On 18 October 2004, Veerappan and his accomplices were escorted out of the forest to an ambulance stationed at Papparapatti in Dharmapuri district. It was a police vehicle disguised as an ambulance, and he was accompanied by a police officer, who had infiltrated Veerappan's gang. At 10 pm IST, Veerappan was spotted by Sub-Inspector Velladurai, who was on surveillance duty, and he alerted the police control room. At 10:15 pm, the ambulance driver stopped the vehicle citing mechanical issues, as planned earlier by the police. The police surrounded the vehicle and asked Veerappan to surrender. Veerappan and three of his associates were killed in the operation.

Instead, Veerappan and his men opened fire on the police forces at 10.50 pm. The STF returned fire from a distance of about 15 ft, and the exchange of fire lasted for about 20 minutes. Veerappan was shot three times, with bullet injuries, on his forehead, hip and ribs.

== Aftermath ==
After the operation, the STF recovered a Remington rifle, two AK-47s, a self-loading rifle, two hand grenades and cash worth ₹0.35 million. The police released a photograph of Veerappan's body, and his body was kept in the government hospital at Dharmapuri. Public were not permitted to view his body. As the photograph showed Veerappan sporing a smaller mustache, while his earlier file photographs showed him with a bigger mustache, there were doubts raised by the media with respect to the identity of the body. The police established Veerappan's identity based on his fingerprints and confirmation with his relatives.

The gunshots appeared to have been conducted from close range, and some media outlets claimed that Veerappan could have been captured alive and that he was killed for political reasons.
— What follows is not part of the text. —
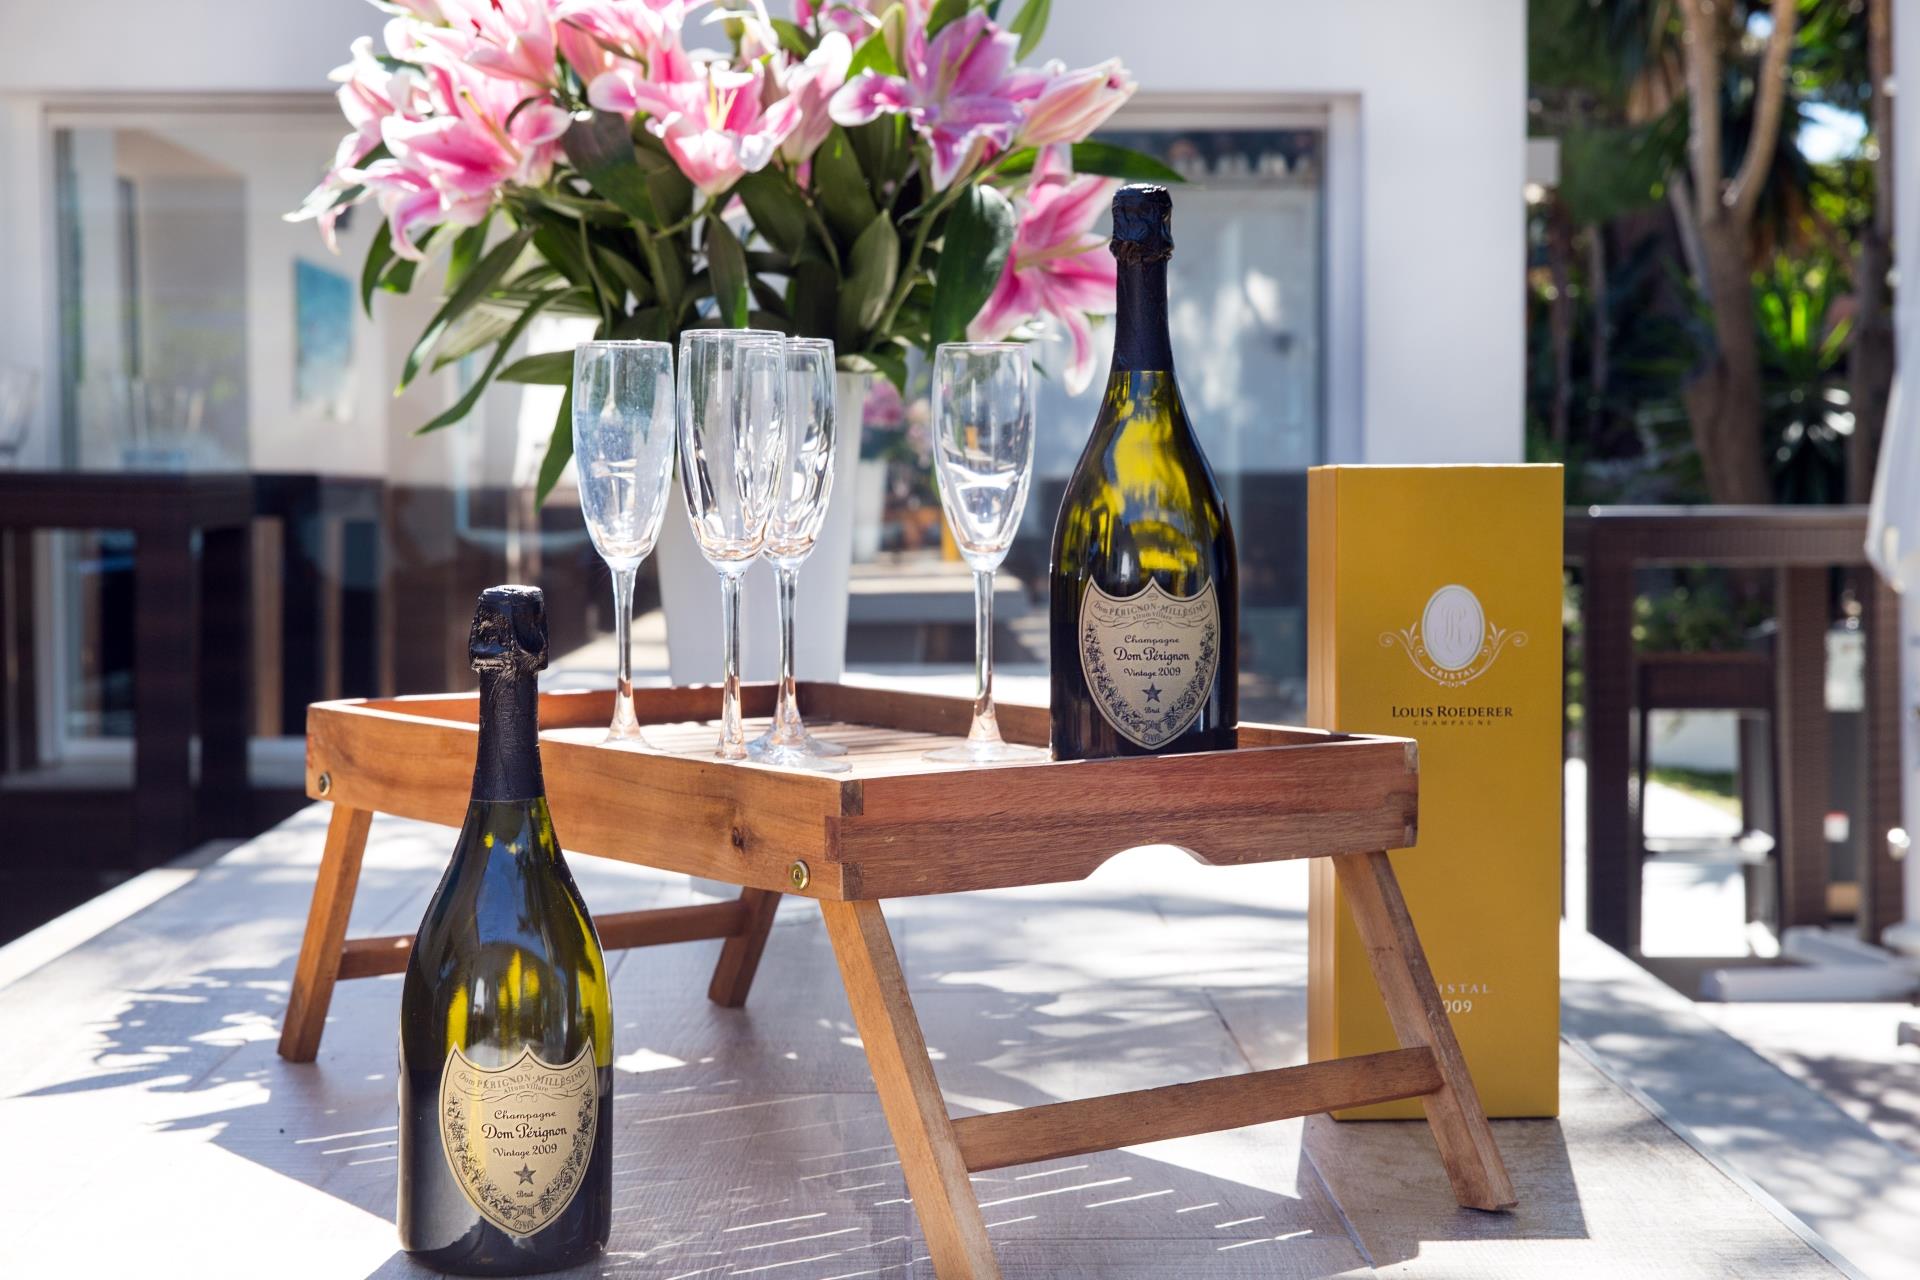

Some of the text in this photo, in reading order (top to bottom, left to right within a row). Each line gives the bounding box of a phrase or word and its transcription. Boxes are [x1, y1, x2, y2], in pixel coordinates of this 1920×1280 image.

However, post mortem analysis and ballistic reports confirmed the police reports. Some protests were made by human rights activists, who felt that Veerappan was not given a fair chance to justify himself. Veerappan's wife, Muthulakshmi, wanted to bury the body at the premises of the house of Veerappan's brother, while the police preferred a cremation and his body was cremated on 20 October 2004.

The Chief Minister of Tamil Nadu announced a cash reward of ₹0.3 million, a plot of land, and job promotions to all the 752 members of the STF team involved in the operation. Vijaya Kumar was awarded the President's Police Medal for Gallantry on the 58th Independence Day in 2005 for his role in leading the operations.

==Popular culture==
In 2010, Jungle Lodges and Resorts, a Karnataka government undertaking, launched a jungle trek and camp covering the regions where Veerappan once lived.

In 2016, Vijay Kumar announced that he was writing a book penning down his first hand account of the operation. He said that he would not reveal any names in the book, but rather would focus on incidents that had led to the killing of Veerappan.

Santhanakadu, a 125 episode Tamil tele-serial was telecast on Makkal TV in 2007. Kannada films Attahasa (2012) and Killing Veerappan (2016), and a Hindi film Veerappan were based on the incident. The Hunt for Veerappan was a docuseries about the operation that was streamed on Netflix in August 2023.